BioLineRx shows effectiveness of leukemia drug in preclinical study

Israel's BioLineRx ($BLRX) has unveiled positive preclinical data for its experimental treatment for chronic myeloid leukemia, a progressive blood and bone marrow cancer.

The results, published in Molecular Cancer Therapeutics, found that BioLineRx's investigational therapy BL-8040 was effective on its own and in combination with imatinib at inhibiting human chronic myeloid leukemia cells in culture and on human tumors that were engrafted in mice. According to the findings, BL-8040 treatment induced programmed cell death of tumor cells in vitro and had a synergistic effect with imatinib at low doses.

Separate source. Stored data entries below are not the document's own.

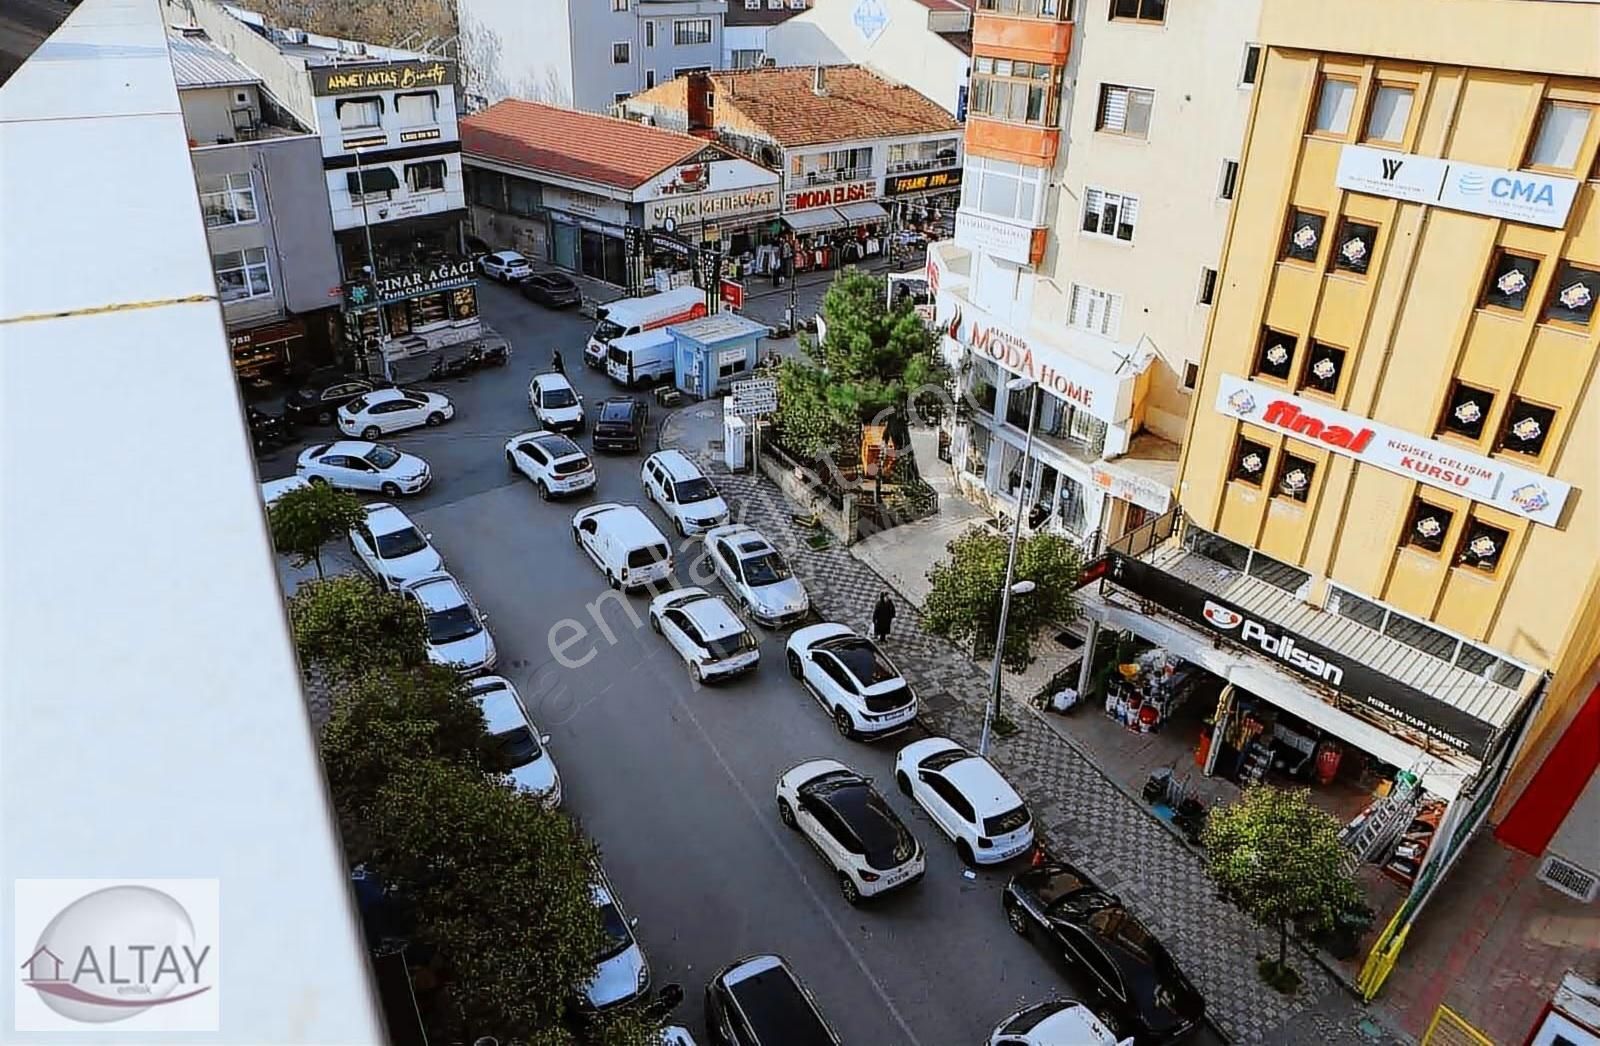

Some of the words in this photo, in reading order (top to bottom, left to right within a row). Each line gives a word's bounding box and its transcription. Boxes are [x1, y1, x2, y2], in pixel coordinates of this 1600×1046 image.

[328, 73, 363, 89] AHMET
[796, 188, 832, 209] MODA
[1491, 177, 1554, 206] CMA
[971, 320, 1035, 377] MODA
[1040, 364, 1093, 408] HOME
[1262, 400, 1376, 454] final
[1400, 456, 1470, 487] KURSU
[1241, 619, 1344, 687] Polisan
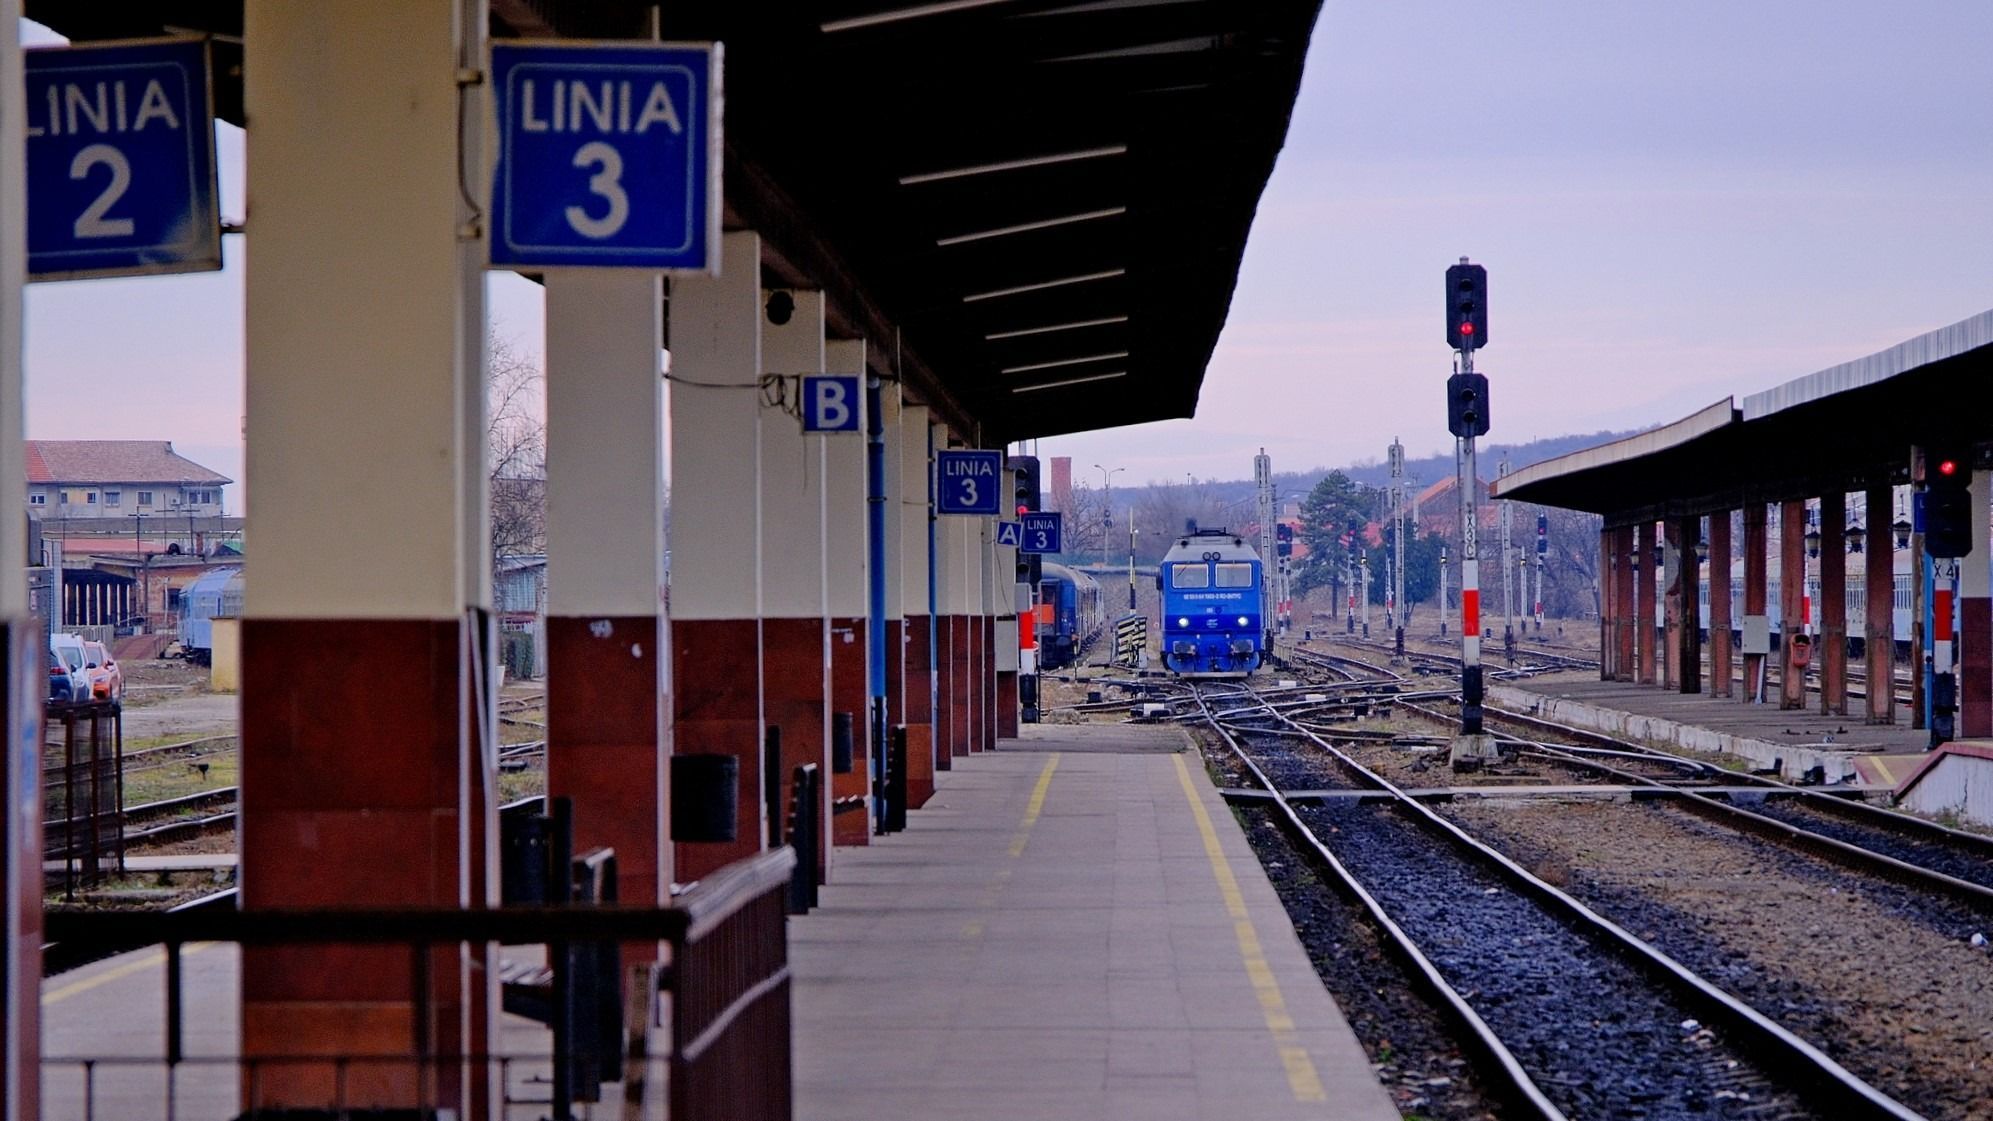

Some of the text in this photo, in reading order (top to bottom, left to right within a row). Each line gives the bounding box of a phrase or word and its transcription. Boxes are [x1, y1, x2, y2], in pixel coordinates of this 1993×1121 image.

When combined with low-dose imatinib in mice engrafted with chronic myeloid leukemia tumors, BL-8040 significantly inhibited tumor growth, achieving a 95% suppression. The drug also reversed the protective effect of the bone marrow stroma on leukemia cells, which induced programmed cell death.

Chronic myeloid leukemia is characterized by production of too many white blood cells, which is caused by a constantly producing active oncogenic tyrosine kinase. Tyrosine kinase inhibitors like imatinib mesylate (Gleevec) have revolutionized the treatment of chronic myeloid leukemia and are the go-to drugs for many patients. But some patients have dormant leukemic stem cells that are resistant to tyrosine kinase inhibitors, making them susceptible to leukemia resistance and recurrence and underscoring the need for new drugs to target these stem cells. In these patients, their bone marrow microenvironments protect dormant leukemic stem cells from therapy-induced cell death.

BL-8040 acts as an antagonist for CXCR4, a chemokine receptor directly involved in tumor progression, growth of new blood vessels in the tumor, metastasis and cell survival. CXCR4 is overexpressed in more than 70% of human cancers and is often associated with disease severity.

BioLineRx currently is studying the investigational drug in Phase II clinical trials for acute myeloid leukemia and hopes to begin Phase I trials for BL-8040 for stem cell mobilization in the second quarter of this year.